"""
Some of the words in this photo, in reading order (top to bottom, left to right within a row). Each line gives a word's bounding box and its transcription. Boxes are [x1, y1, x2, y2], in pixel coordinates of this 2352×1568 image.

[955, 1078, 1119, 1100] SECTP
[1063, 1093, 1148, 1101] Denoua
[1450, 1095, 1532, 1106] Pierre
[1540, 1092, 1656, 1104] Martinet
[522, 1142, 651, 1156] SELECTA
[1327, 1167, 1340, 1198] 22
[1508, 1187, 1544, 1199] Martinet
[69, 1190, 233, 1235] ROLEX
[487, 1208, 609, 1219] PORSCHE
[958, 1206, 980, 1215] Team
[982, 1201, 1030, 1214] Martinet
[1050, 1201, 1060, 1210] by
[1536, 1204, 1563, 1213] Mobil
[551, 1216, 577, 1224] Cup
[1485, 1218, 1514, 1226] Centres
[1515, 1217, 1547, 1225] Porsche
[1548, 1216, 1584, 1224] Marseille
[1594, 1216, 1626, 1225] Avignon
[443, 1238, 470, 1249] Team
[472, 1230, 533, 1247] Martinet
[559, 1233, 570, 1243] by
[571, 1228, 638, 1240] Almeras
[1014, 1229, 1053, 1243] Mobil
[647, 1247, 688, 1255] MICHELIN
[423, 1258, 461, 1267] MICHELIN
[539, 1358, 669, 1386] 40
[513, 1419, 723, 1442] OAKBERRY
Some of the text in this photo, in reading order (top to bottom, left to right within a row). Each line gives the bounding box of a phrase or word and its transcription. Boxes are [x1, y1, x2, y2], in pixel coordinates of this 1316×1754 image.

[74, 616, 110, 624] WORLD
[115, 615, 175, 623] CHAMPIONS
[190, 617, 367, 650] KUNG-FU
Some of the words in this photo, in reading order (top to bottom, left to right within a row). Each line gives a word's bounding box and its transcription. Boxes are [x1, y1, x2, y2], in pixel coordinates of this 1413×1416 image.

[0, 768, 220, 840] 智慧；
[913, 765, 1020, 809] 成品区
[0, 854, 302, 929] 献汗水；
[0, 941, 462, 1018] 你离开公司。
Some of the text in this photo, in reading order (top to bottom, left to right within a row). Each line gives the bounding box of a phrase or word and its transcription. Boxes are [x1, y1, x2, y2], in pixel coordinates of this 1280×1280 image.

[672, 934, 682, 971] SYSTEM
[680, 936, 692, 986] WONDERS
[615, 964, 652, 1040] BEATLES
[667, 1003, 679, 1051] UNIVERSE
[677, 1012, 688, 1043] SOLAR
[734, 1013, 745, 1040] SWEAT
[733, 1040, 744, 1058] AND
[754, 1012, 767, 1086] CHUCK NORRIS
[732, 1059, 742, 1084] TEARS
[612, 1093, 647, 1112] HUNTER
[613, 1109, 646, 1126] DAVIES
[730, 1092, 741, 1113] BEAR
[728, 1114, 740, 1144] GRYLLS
"""
Repeat all of the data shown above, exactly as it appears.

Some of the words in this photo, in reading order (top to bottom, left to right within a row). Each line gives a word's bounding box and its transcription. Boxes are [x1, y1, x2, y2], in pixel coordinates of this 2352×1568 image.

[955, 1078, 1119, 1100] SECTP
[1063, 1093, 1148, 1101] Denoua
[1450, 1095, 1532, 1106] Pierre
[1540, 1092, 1656, 1104] Martinet
[522, 1142, 651, 1156] SELECTA
[1327, 1167, 1340, 1198] 22
[1508, 1187, 1544, 1199] Martinet
[69, 1190, 233, 1235] ROLEX
[487, 1208, 609, 1219] PORSCHE
[958, 1206, 980, 1215] Team
[982, 1201, 1030, 1214] Martinet
[1050, 1201, 1060, 1210] by
[1536, 1204, 1563, 1213] Mobil
[551, 1216, 577, 1224] Cup
[1485, 1218, 1514, 1226] Centres
[1515, 1217, 1547, 1225] Porsche
[1548, 1216, 1584, 1224] Marseille
[1594, 1216, 1626, 1225] Avignon
[443, 1238, 470, 1249] Team
[472, 1230, 533, 1247] Martinet
[559, 1233, 570, 1243] by
[571, 1228, 638, 1240] Almeras
[1014, 1229, 1053, 1243] Mobil
[647, 1247, 688, 1255] MICHELIN
[423, 1258, 461, 1267] MICHELIN
[539, 1358, 669, 1386] 40
[513, 1419, 723, 1442] OAKBERRY
Some of the text in this photo, in reading order (top to bottom, left to right within a row). Each line gives the bounding box of a phrase or word and its transcription. Boxes are [x1, y1, x2, y2], in pixel coordinates of this 1316×1754 image.

[74, 616, 110, 624] WORLD
[115, 615, 175, 623] CHAMPIONS
[190, 617, 367, 650] KUNG-FU
Some of the words in this photo, in reading order (top to bottom, left to right within a row). Each line gives a word's bounding box and its transcription. Boxes are [x1, y1, x2, y2], in pixel coordinates of this 1413×1416 image.

[0, 768, 220, 840] 智慧；
[913, 765, 1020, 809] 成品区
[0, 854, 302, 929] 献汗水；
[0, 941, 462, 1018] 你离开公司。
Some of the text in this photo, in reading order (top to bottom, left to right within a row). Each line gives the bounding box of a phrase or word and its transcription. Boxes are [x1, y1, x2, y2], in pixel coordinates of this 1280×1280 image.

[672, 934, 682, 971] SYSTEM
[680, 936, 692, 986] WONDERS
[615, 964, 652, 1040] BEATLES
[667, 1003, 679, 1051] UNIVERSE
[677, 1012, 688, 1043] SOLAR
[734, 1013, 745, 1040] SWEAT
[733, 1040, 744, 1058] AND
[754, 1012, 767, 1086] CHUCK NORRIS
[732, 1059, 742, 1084] TEARS
[612, 1093, 647, 1112] HUNTER
[613, 1109, 646, 1126] DAVIES
[730, 1092, 741, 1113] BEAR
[728, 1114, 740, 1144] GRYLLS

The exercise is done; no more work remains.